Today's post is dedicated to African American mental health.

Here are six facts about Black Mental Health:

  1. Black Americans are as likely to suffer from mental illness as whites. The APA reports 1 in 4 adults in the U.S. will suffer from some kind of mental disorder each year. And, African-Americans are at least as likely to suffer from a mental health issue as their white counterparts.

  2. Relatively high rates of poverty increase likelihood for mental health issues. Poverty disproportionately affects the black community, due in part to the legacy of slavery, segregation and racial discrimination in America. Poverty also affects mental health. Poverty increases the risk for mental health issues, which may then render an individual unable to work and afford basic needs, including treatment.

  3. Racism in care still exists. This is compounded by the fact that African-Americans make up less than 2% of APA members.

  4. Barriers in access to adequate health care make it harder to get help. Anticipation of encountering racism coupled with the challenges of paying for care may make the prospect of getting help daunting for black Americans. Racial disparities persist in health care access.
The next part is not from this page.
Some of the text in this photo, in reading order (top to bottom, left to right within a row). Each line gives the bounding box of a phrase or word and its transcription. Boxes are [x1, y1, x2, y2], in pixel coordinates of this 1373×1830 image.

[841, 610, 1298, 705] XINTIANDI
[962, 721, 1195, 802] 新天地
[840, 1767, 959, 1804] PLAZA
  5. Black Americans use prayer to cope with stress or mental illness. One study cited by the APA said that 85% of African-Americans would describe themselves as "religious," and that their most common way to handle stress is through prayer. For people without adequate access to adequate medical care, prayer may be a primary method of dealing with mental illness as well.

  6. Stigma in the community may discourage people from seeking treatment. First lady Michelle Obama addressed the need to reduce the stigma of getting professional help when needed. "There should be absolutely no stigma around mental health. None. Zero. ... Getting support and treatment isn't a sign of weakness, it's a sign of strength."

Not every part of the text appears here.